The men laughed as they reached for the pads and pens. Within moments, each of the men had retreated to a quiet corner and begun to write. Pens scratched quietly on paper.
Did you ever want children, Father?
Wantwantwant. The word repeated itself, ran together and stabbed deep…. Ah, he wanted so much, so many things he couldn’t have….
Visions of Madelaine and Lina came to him, whispering, insinuating their way into his heart, gathering in the air around him. He leaned forward, wanting to reach out, grab them, and draw them close.
She loved him; he knew that, had always known it.
Love is a gift from God….
Francis’s breath released in a quiet sigh of wonder. It was as if the words had somehow formed themselves just for him. The same words he’d said a million times in his life, but this time he understood them.
Love is a gift from God.
He knew the doctrine of his faith would call his love for Madelaine a sin, but Francis had never been able to believe that. Breaking vows, yes, that was a sin; but the simple, singular act of loving? He’d never believed that his precious God would deem it such. It was His gift to us, His ultimate blessing.
Madelaine wasn’t his lover; he’d never truly thought of her that way. She was his love. As was Lina—his precious, precious Lina—and Angel.
Angel. He thought of his brother, and as he did, a thousand remembered images sprang to his mind. At first they were the usual memories—the ones that had hurt at the time and kept on hurting, the ones that Francis could never quite get rid of. Their mother, getting nine-year-old Angel drunk and beating him up, locking him up in that dark closet until he promised to be as good as his brother. And the words, always the words, spoken to Angel in that gravelly, slurred voice, I shoulda had an abortion.

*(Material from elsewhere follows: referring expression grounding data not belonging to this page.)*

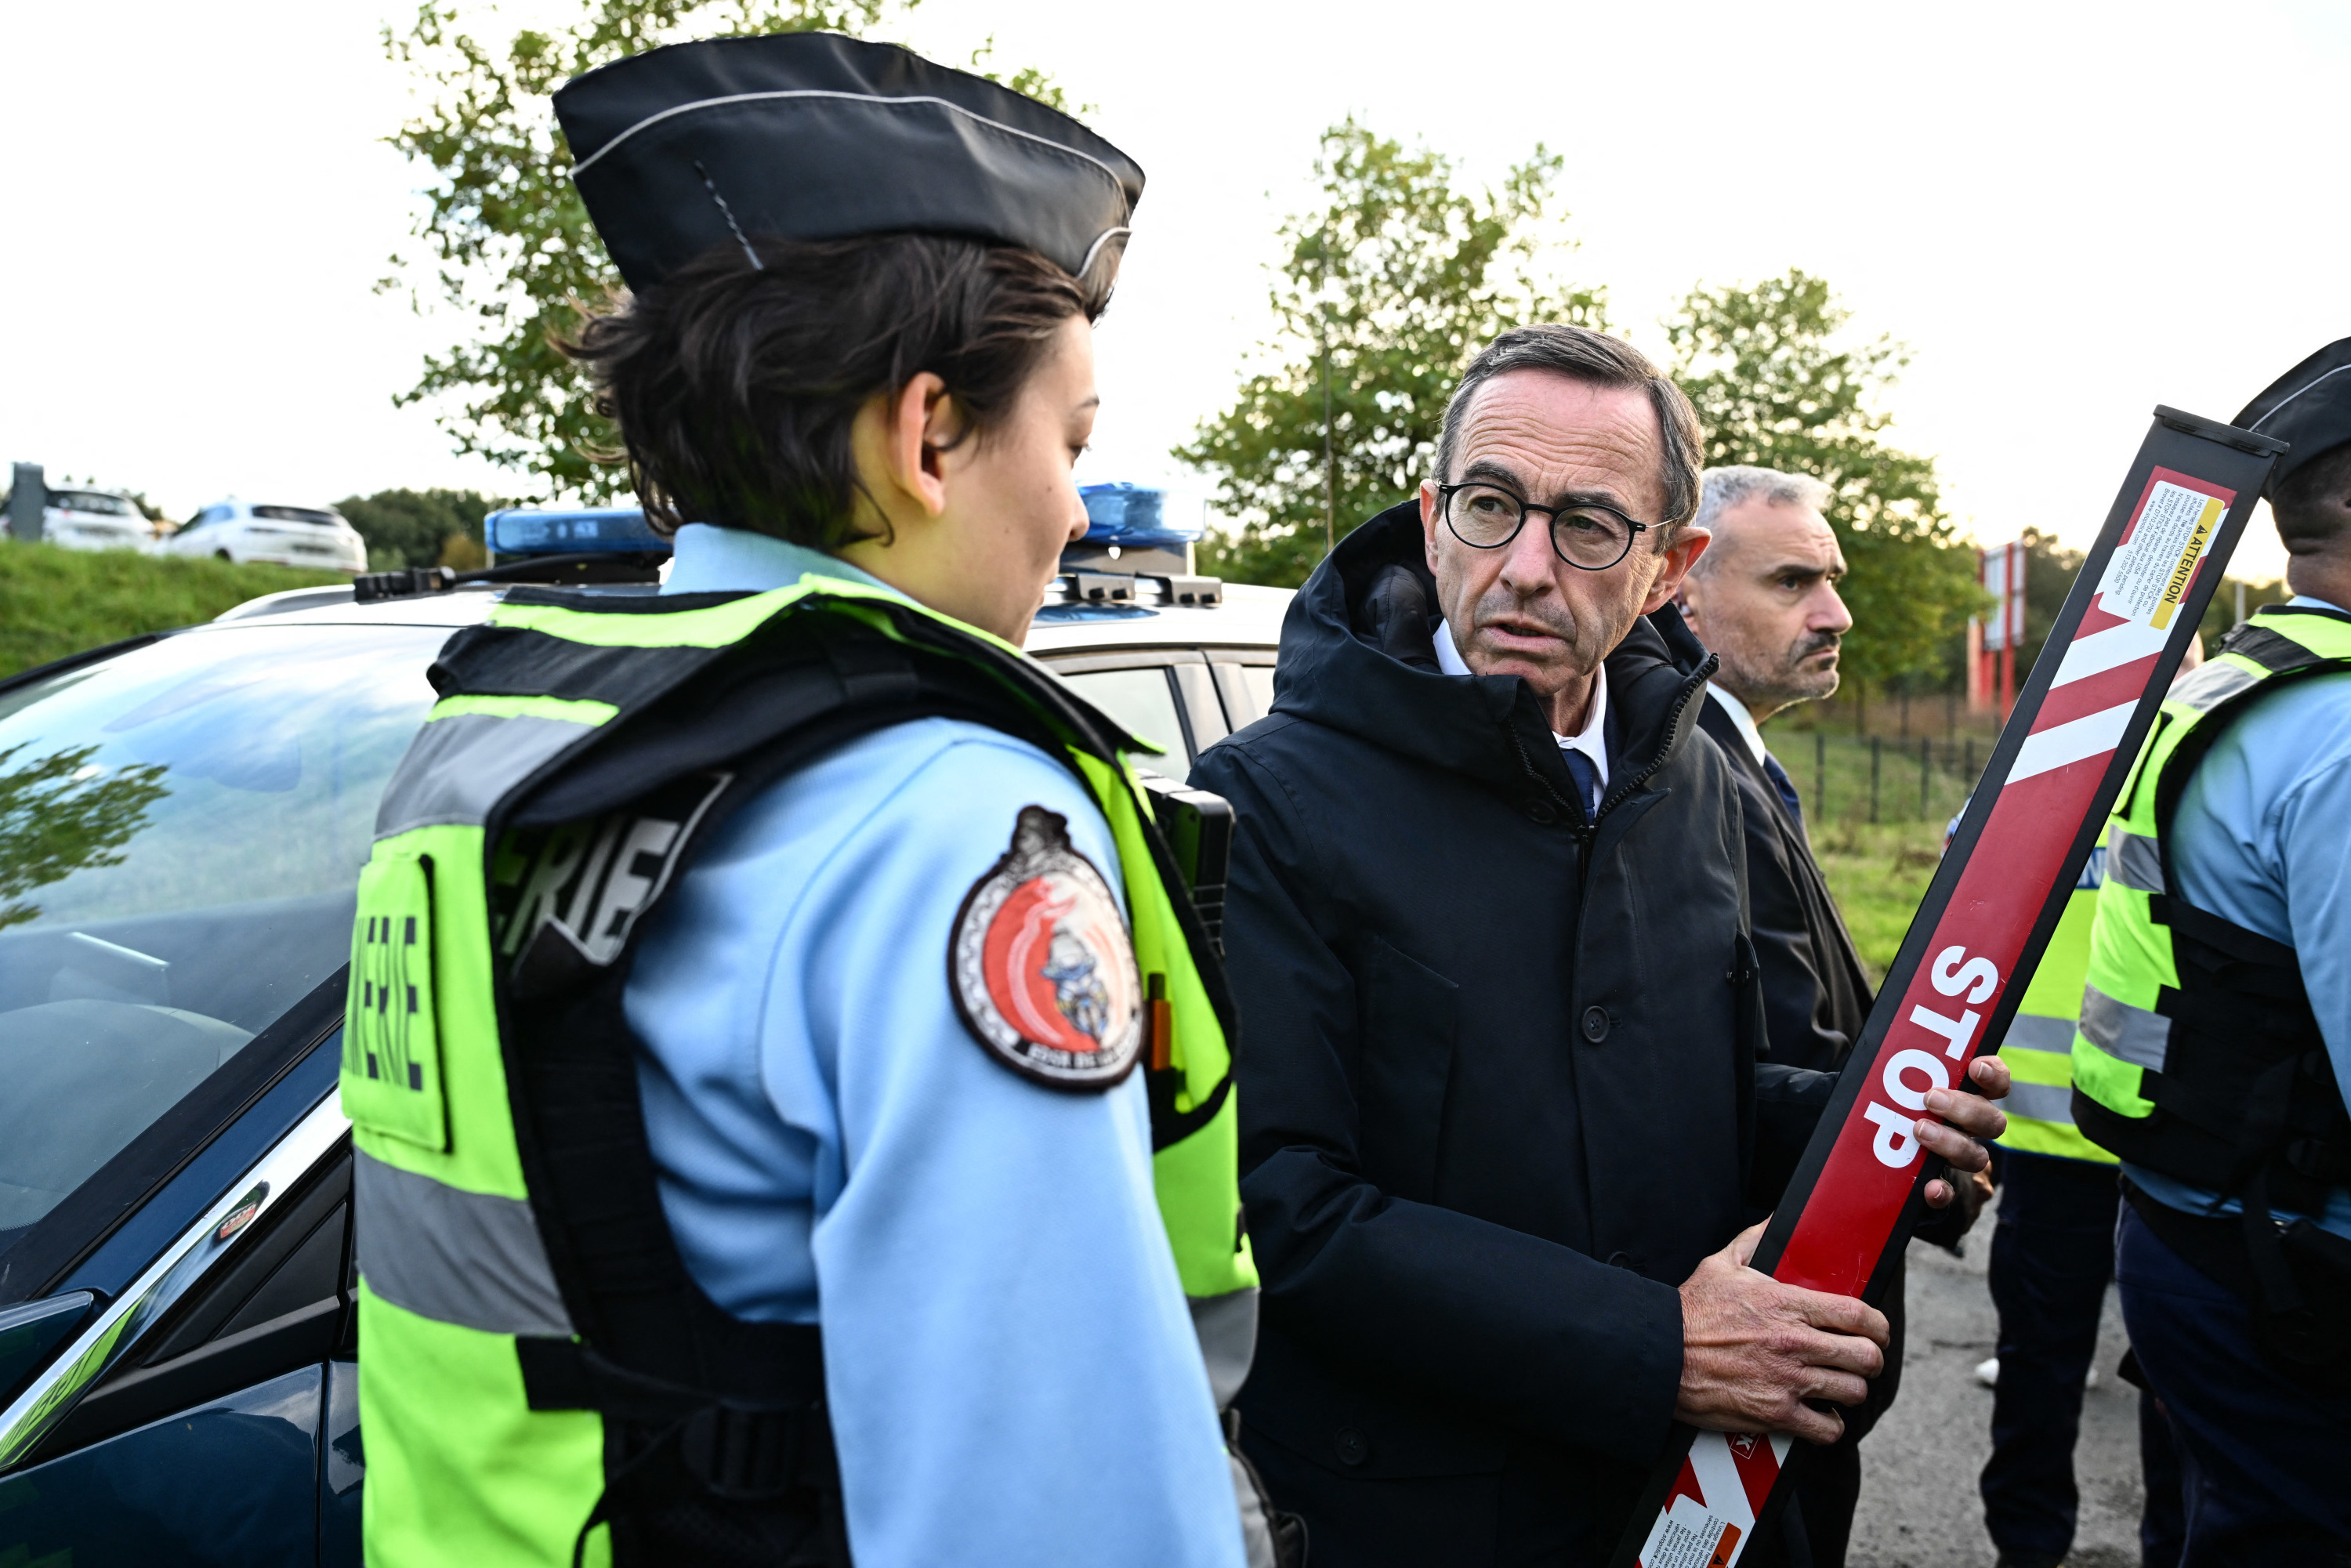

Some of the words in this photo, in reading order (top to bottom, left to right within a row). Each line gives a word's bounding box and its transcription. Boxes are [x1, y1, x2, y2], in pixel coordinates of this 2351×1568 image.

[2159, 488, 2170, 504] Brevet
[2180, 495, 2191, 514] pousser
[2197, 499, 2205, 508] Les
[2164, 498, 2173, 514] STOP
[2168, 493, 2183, 517] N'essayez
[2132, 501, 2155, 545] www.stopstick.com
[2155, 514, 2165, 531] STICK
[2189, 509, 2200, 525] herses
[2168, 523, 2178, 536] dards
[2173, 527, 2183, 544] jamais
[2182, 526, 2192, 541] STOP
[2157, 545, 2168, 561] travers
[2165, 545, 2175, 559] tordre
[2173, 541, 2185, 558] STICK
[2126, 556, 2136, 575] patents
[2134, 563, 2142, 574] USA
[2160, 559, 2175, 586] contiennent
[2164, 537, 2202, 604] ATTENTION
[2114, 570, 2123, 583] 5500
[2147, 570, 2155, 584] carter
[2155, 568, 2165, 583] STOP
[2128, 586, 2138, 604] d'ouvrir
[2146, 584, 2157, 600] STICK
[2146, 596, 2157, 615] pointes
[1864, 945, 1998, 1168] STOP
[1667, 1524, 1680, 1547] véhicules
[1700, 1515, 1713, 1539] sérieuses
[1713, 1522, 1725, 1541] L'usage
[1671, 1534, 1682, 1552] jamais
[1658, 1552, 1666, 1565] deux

Francis had always tried to change what couldn’t be changed. So many nights he’d held his bruised baby brother in his arms and cried to his God, his own trembling voice begging for help. Then, one day, Angel stopped reaching for his big brother, and that had been the most painful time of all. Francis had seen the dawning suspicion in Angel’s eyes, the question that lurked there—why? those green eyes had asked. Why am I so different?
But Angel had never asked the question aloud, and Francis had never found an answer. So they went on, living side by side in that crappy little trailer, pretending to be brothers, when, with every passing day, they were becoming only strangers. And Angel—Angel had become what his mother had predicted he would become—a hell-raising, shit-kicking kid who didn’t care about anything, especially himself.

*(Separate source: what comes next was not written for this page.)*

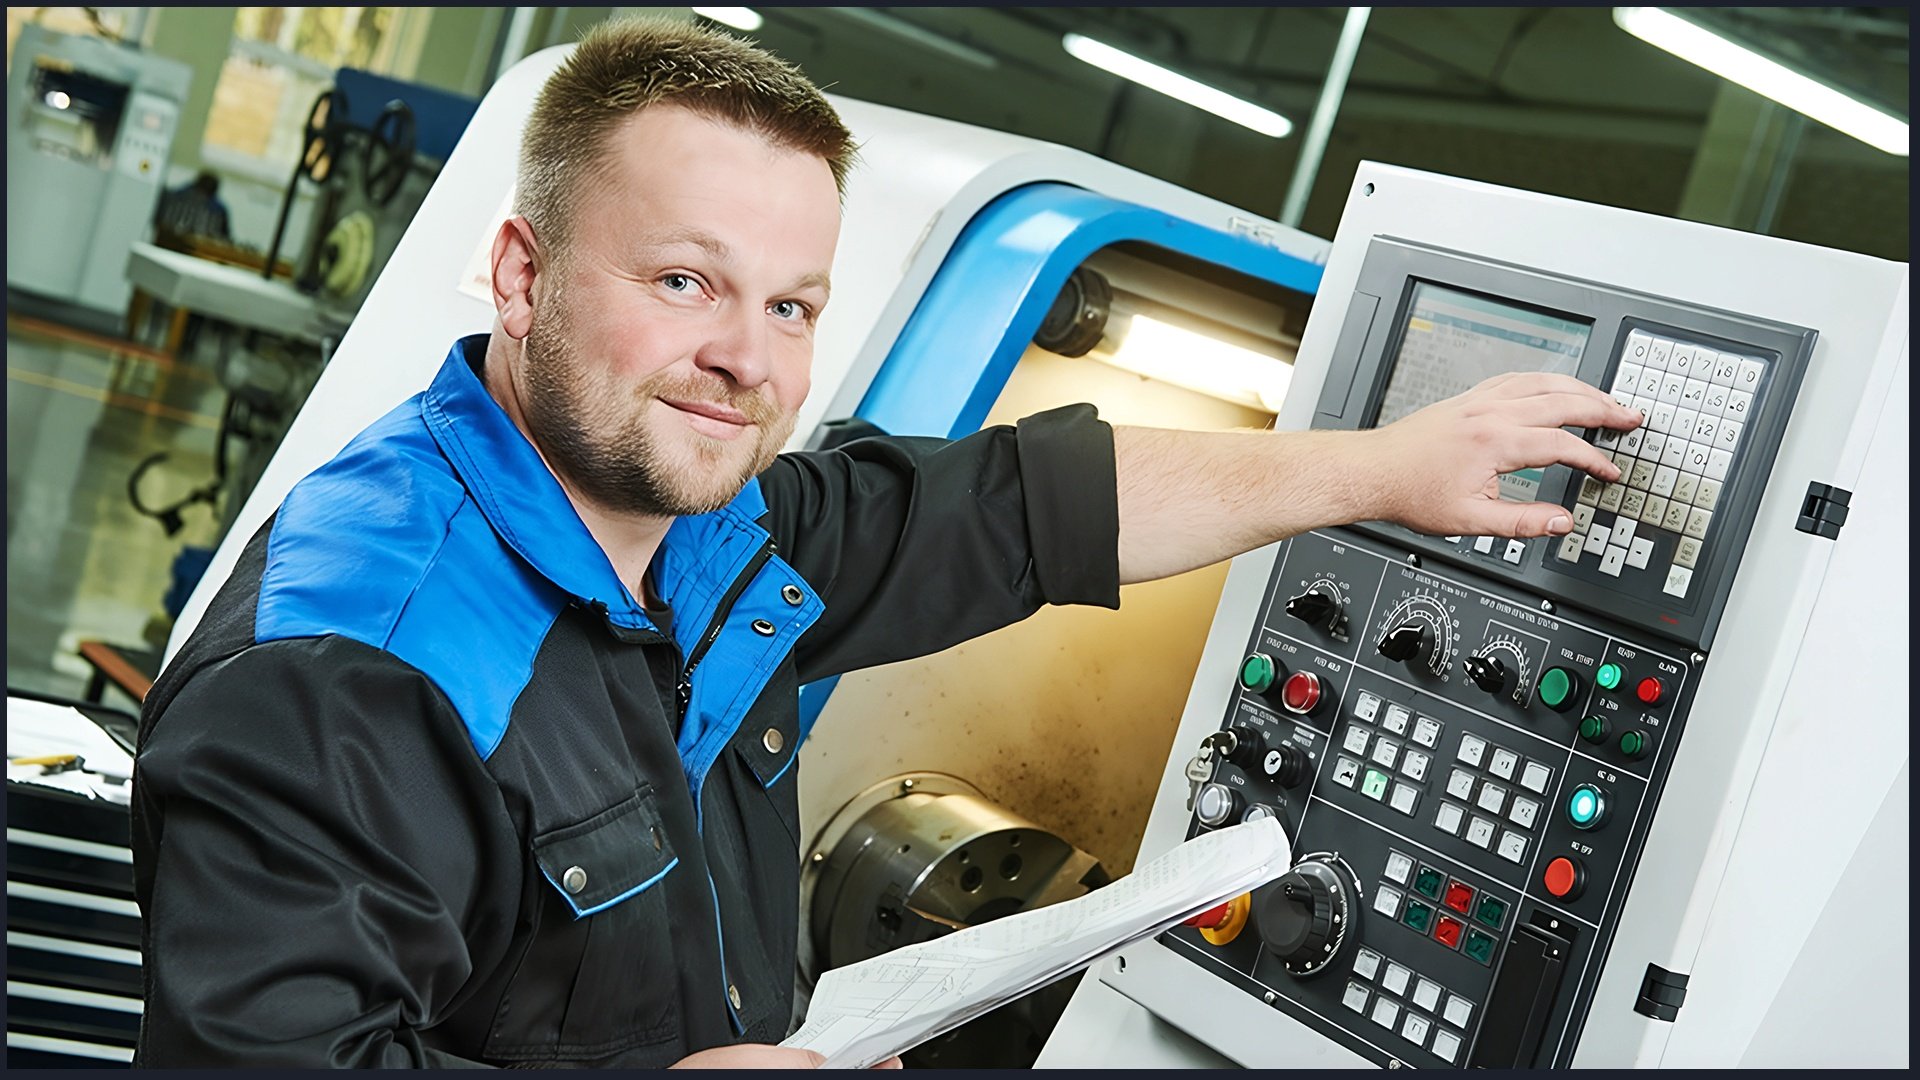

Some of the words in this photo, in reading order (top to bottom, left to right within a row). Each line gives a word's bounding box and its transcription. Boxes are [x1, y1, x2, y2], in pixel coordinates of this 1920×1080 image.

[1702, 360, 1711, 371] 7
[1746, 371, 1756, 382] 9
[1725, 429, 1736, 442] 3

There had only ever been two people who believed in Angel—Francis and Madelaine—and Francis had let him down. All those years he’d let their mother terrorize Angel, and he’d stood by, unable to do anything. He’d watched as the goodness was slowly, systematically ripped from his brother’s soul.

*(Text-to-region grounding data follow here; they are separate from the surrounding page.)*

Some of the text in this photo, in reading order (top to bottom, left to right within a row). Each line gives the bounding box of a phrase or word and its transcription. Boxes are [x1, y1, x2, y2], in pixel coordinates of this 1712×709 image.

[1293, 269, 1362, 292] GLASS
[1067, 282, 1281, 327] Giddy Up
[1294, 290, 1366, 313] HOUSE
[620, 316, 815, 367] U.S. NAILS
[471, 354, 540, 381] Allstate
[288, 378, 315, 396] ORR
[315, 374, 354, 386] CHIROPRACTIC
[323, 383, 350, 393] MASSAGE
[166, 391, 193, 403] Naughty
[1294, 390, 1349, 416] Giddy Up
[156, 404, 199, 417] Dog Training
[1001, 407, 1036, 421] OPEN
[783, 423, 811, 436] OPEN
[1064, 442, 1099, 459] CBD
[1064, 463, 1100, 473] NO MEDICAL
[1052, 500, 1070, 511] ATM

And he’d done it again, just last week. He’d gone to the hospital, seen his baby brother lying in that narrow bed, and done nothing; he’d let the past swirl around them, just opened that damned door and let their mother’s ugly spirit in. Francis wasn’t a kid anymore and he wasn’t impotent. This time he could be the protector he should have been before. Maybe he could even give his little brother a reason to stay.
Believe in the road.
Angel coming back, now after all these years … Lina asking the question that had been unasked for so long … It had to mean something.
Francis could make it mean something. He could redeem himself in the eyes of God, and in his own eyes. He could rectify the mistakes he and Madelaine had made, and those that were his alone.
He rose to his feet and went to the window. He imagined himself standing in the midst of that rainy darkness, wanting to believe in the road beneath him. His heart was beating so quickly, he could hear it thudding in his ears. Please God, show me the way.
Suddenly he found it, the courage he’d been searching for his whole life. It was there in his heart, heating him like that last burning coal in the midst of a black, dead fire.